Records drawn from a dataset
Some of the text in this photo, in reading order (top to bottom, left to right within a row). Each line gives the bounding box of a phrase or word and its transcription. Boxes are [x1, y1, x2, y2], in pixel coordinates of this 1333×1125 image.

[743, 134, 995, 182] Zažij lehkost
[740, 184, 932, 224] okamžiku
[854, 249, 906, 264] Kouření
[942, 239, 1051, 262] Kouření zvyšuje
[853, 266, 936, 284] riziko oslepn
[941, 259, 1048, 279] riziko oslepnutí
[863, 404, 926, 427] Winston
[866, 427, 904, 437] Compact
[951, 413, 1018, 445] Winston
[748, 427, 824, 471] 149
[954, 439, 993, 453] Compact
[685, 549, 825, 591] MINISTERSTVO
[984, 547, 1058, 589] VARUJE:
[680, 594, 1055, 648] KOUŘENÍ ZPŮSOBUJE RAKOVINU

● **Your task**
The records above are to be copied in full, exactly as written.

● **Exercise solution**
Some of the text in this photo, in reading order (top to bottom, left to right within a row). Each line gives the bounding box of a phrase or word and its transcription. Boxes are [x1, y1, x2, y2], in pixel coordinates of this 1333×1125 image.

[743, 134, 995, 182] Zažij lehkost
[740, 184, 932, 224] okamžiku
[854, 249, 906, 264] Kouření
[942, 239, 1051, 262] Kouření zvyšuje
[853, 266, 936, 284] riziko oslepn
[941, 259, 1048, 279] riziko oslepnutí
[863, 404, 926, 427] Winston
[866, 427, 904, 437] Compact
[951, 413, 1018, 445] Winston
[748, 427, 824, 471] 149
[954, 439, 993, 453] Compact
[685, 549, 825, 591] MINISTERSTVO
[984, 547, 1058, 589] VARUJE:
[680, 594, 1055, 648] KOUŘENÍ ZPŮSOBUJE RAKOVINU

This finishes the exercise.